Ritz had an opportunity to sign with the Cincinnati Reds organization but declined. By this time he was married. He and wife Sharon, whom he’d met in college, discussed the situation and figured a sore shoulder likely would mean a short-lived career.
“My grandmother wanted me to become a priest but that wasn’t for me,’’ he said. “Other family members thought I should be a doctor and I spent a year and a half in pre-med. I decided against that when I realized it was taking me two days to solve one problem.’’
He settled for a major in health and physical education and a minor in biology.
Ritz remembered that J. Craft Akard, the superintendent of Sullivan County schools, had promised to keep him in mind for a teaching job if a position came open.
Ritz decided to teach and coach. He spent one year at a junior high before joining Benny Compton’s high school football staff at Ketron. Ritz served as defensive coordinator and when baseball coach Dale Burns offered to step down, he jumped at the chance to share his passion with others.
Thus began a record-setting trend of baseball victories at three different schools. Ritz’s success got him in the Tennessee Baseball Coaches Association Hall of Fame. He also is enshrined in the halls of fame at LMU and Lynn View.
Ritz turned Ketron into a powerhouse. When the Sullivan North consolidation opened, he was the odds-on choice to organize the program. Within five years, the Golden Raiders won two Class AAA state championships and were second another time. Dobyns-Bennett came calling and Ritz became its coach in 1986. The trail of victories continued there.

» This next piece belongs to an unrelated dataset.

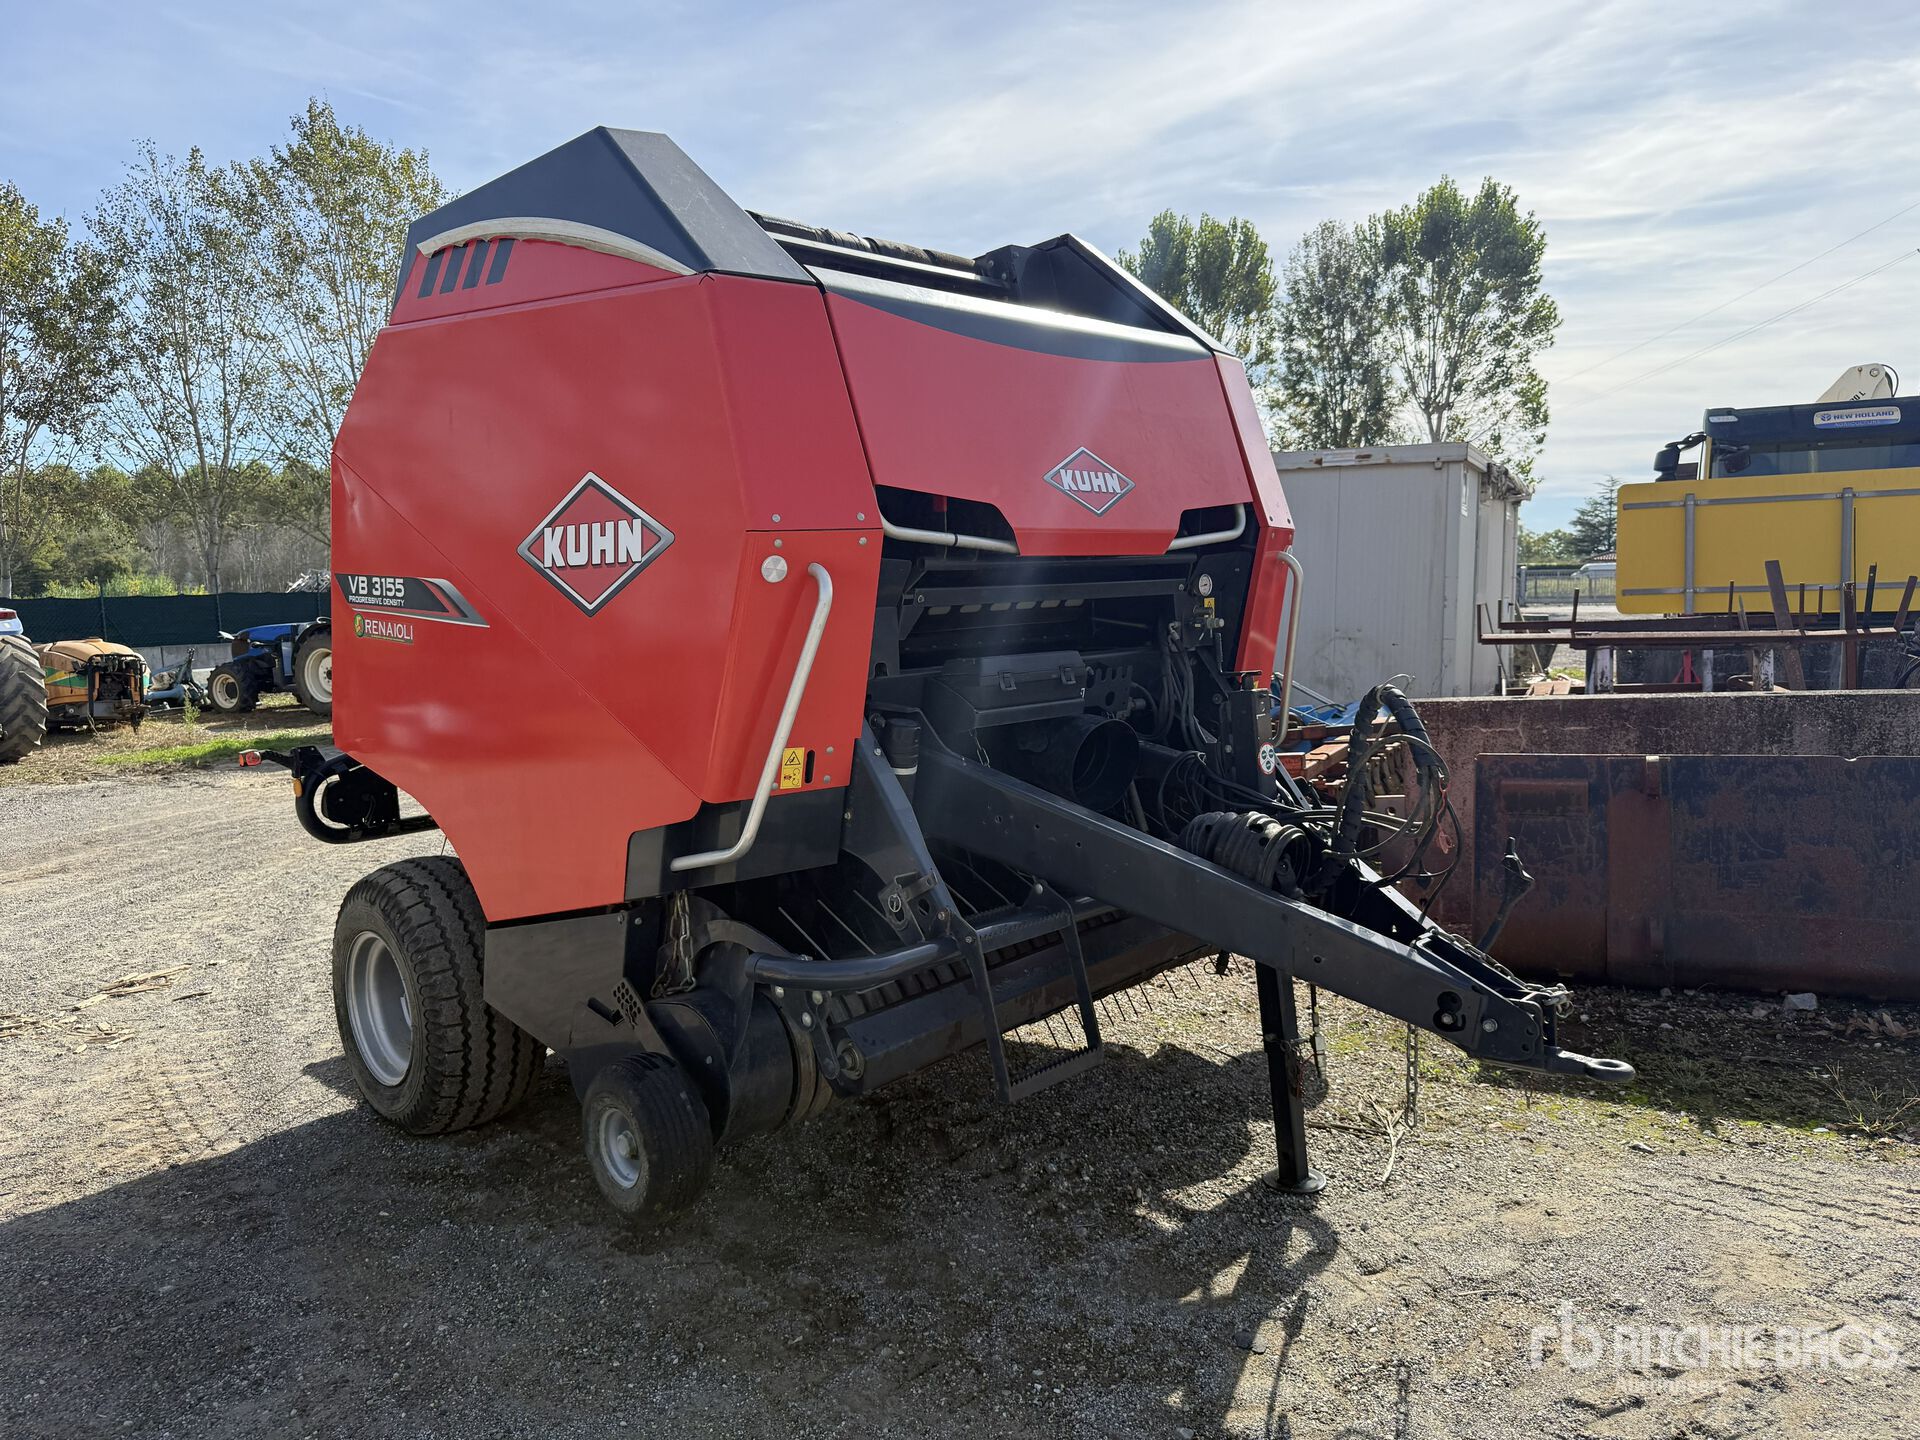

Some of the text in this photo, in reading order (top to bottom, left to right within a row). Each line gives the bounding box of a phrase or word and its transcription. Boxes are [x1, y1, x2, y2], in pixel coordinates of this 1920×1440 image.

In 1996, D-B came oh so close to winning a state title against Germantown Houston. The Indians lost the championship game 3-2 in eight innings. Ritz had three state runners-up — one at North (1984) and two at D-B (1994, 1996).

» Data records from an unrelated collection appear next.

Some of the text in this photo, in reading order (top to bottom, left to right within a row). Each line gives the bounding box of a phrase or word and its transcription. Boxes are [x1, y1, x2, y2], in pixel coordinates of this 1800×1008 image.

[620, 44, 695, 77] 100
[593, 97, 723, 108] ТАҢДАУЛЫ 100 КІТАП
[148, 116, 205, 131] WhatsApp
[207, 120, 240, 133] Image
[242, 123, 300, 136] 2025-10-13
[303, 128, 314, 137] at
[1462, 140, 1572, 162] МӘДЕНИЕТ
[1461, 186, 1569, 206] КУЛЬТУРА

He is the state’s all-time winningest coach, with nearly 900 victories over 40 years.
Ritz took pleasure in coaching his sons, Brian and Tony, at D-B.
A master motivator, he was tabbed the state’s coach of the year twice, in 1983 and 1984, and received the TSSAA’s A.F. Bridges Award in 2004.
Now: “I’ve had the same wife and same telephone number for 42 years,’’ Ritz said. “I’ve gotten the best I could have out of coaching. I don’t make a lot of money, but it’s been gratifying. I’m lucky to have been at good schools.
“I’ve enjoyed the kids. It’s made me feel young being around them. I’ve always believed a pat on the back is much better than a kick in the rear. I still have good rapport with the players. Occasionally, you have to show them your dark side, but I haven’t done much of that in recent years. There’s no secret to baseball — you just have to catch and hit it right.’’
Mike and Sharon have four grandchildren. He is retiring after this season and plans to golf and fish a lot.